▸ **Exercise aim**:
Would you write out the listing verbatim and skip every picture in it?

▸ **Data records**:
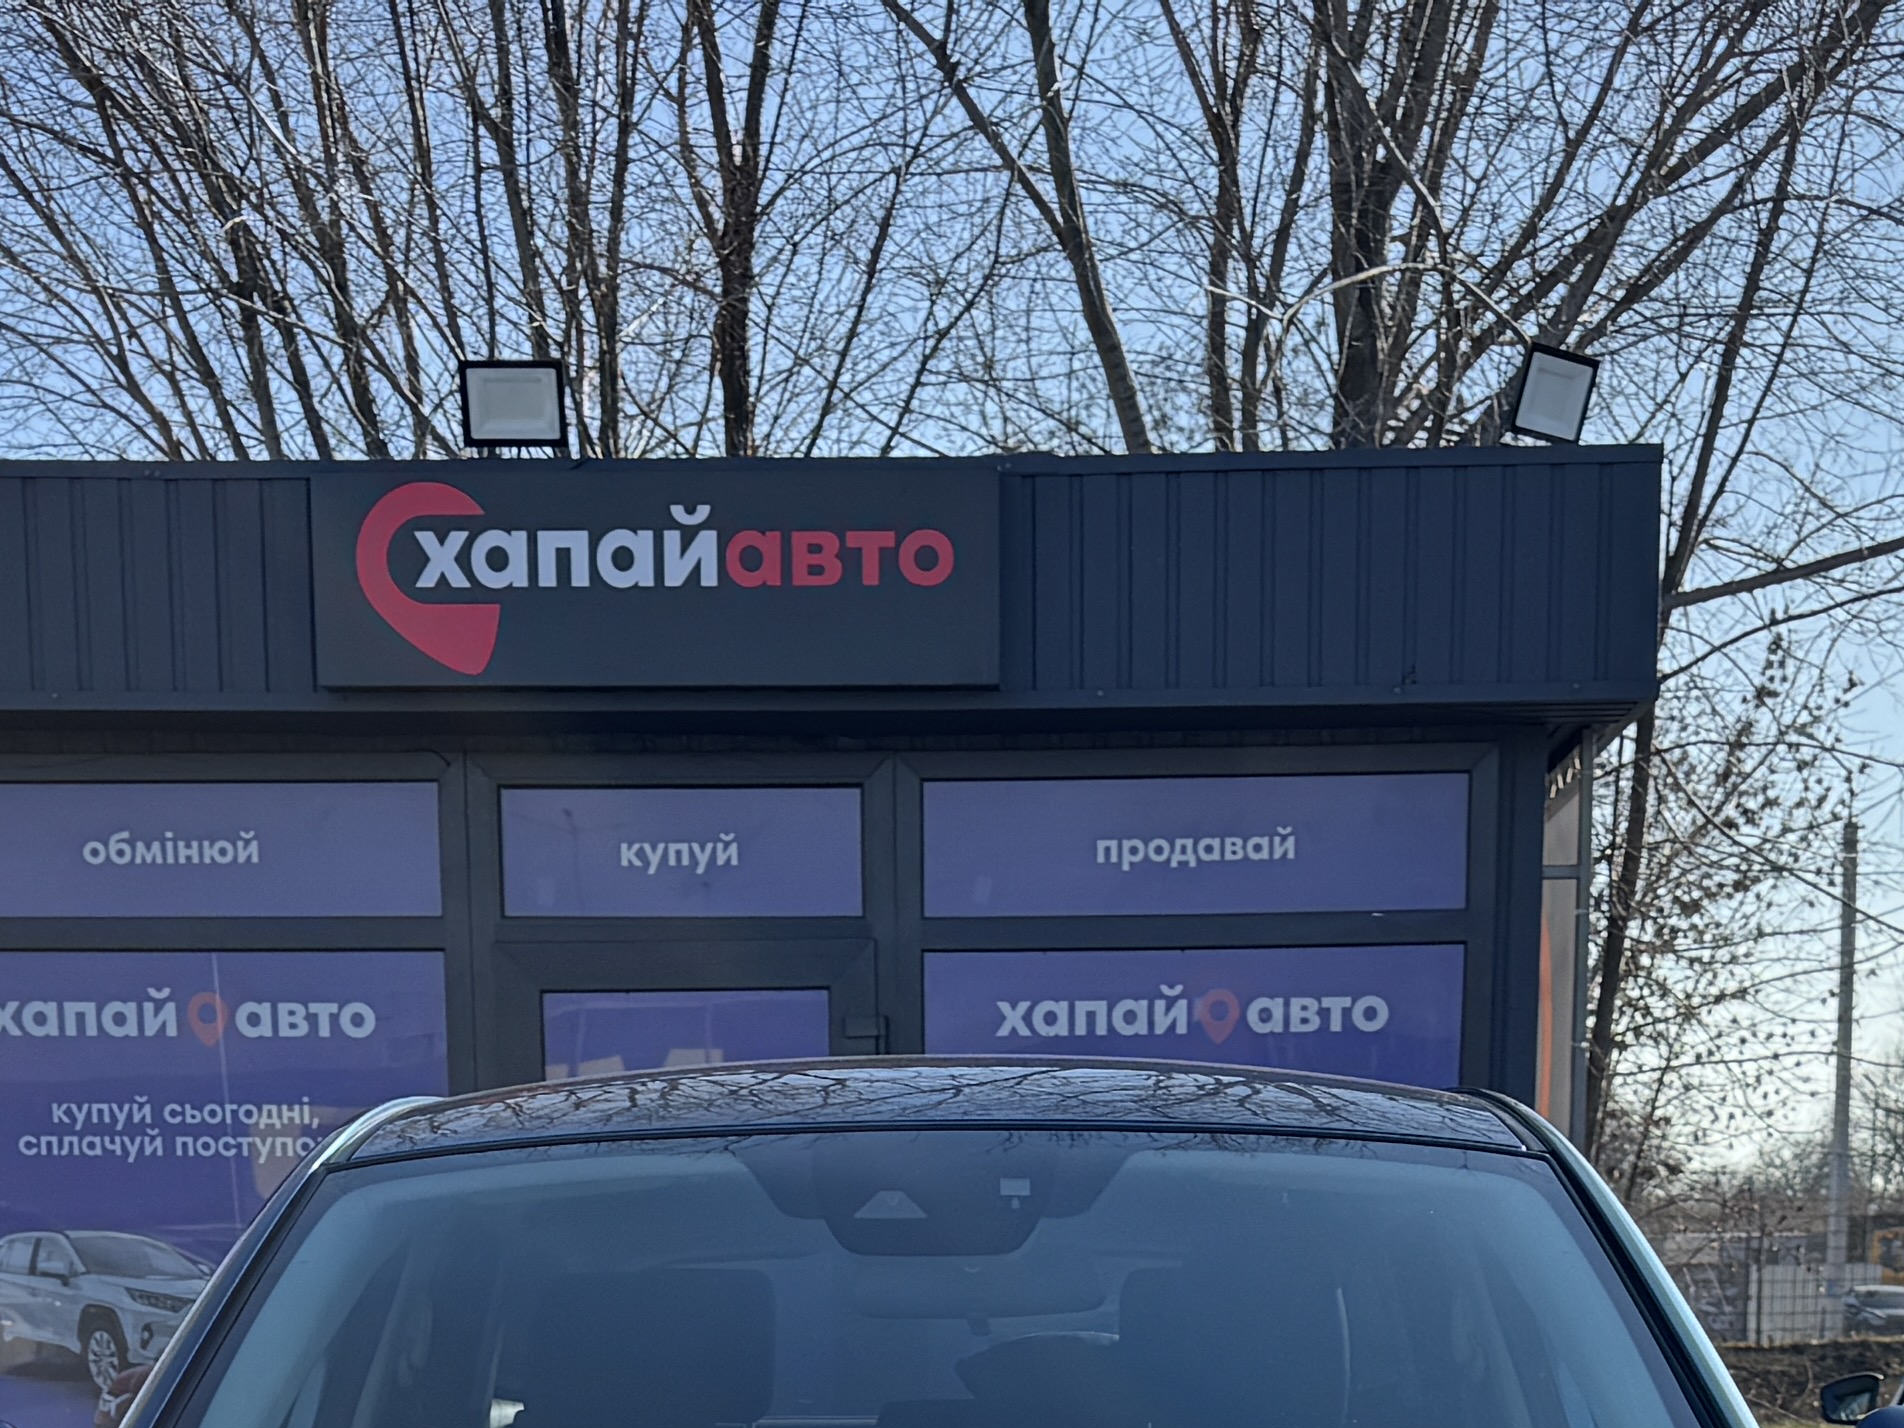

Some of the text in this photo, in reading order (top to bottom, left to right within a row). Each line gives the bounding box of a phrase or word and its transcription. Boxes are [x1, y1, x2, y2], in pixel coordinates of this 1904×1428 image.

[413, 504, 955, 588] хапайавто
[82, 831, 260, 865] обмінюй
[620, 833, 739, 875] купуй
[1096, 826, 1295, 871] продавай
[235, 1001, 376, 1039] авто
[996, 984, 1390, 1038] хапай авто
[51, 1095, 320, 1131] купуй сьогодні,
[18, 1128, 323, 1164] сплачуй поступо

▸ **Response area**:
Some of the text in this photo, in reading order (top to bottom, left to right within a row). Each line gives the bounding box of a phrase or word and its transcription. Boxes are [x1, y1, x2, y2], in pixel coordinates of this 1904×1428 image.

[413, 504, 955, 588] хапайавто
[82, 831, 260, 865] обмінюй
[620, 833, 739, 875] купуй
[1096, 826, 1295, 871] продавай
[235, 1001, 376, 1039] авто
[996, 984, 1390, 1038] хапай авто
[51, 1095, 320, 1131] купуй сьогодні,
[18, 1128, 323, 1164] сплачуй поступо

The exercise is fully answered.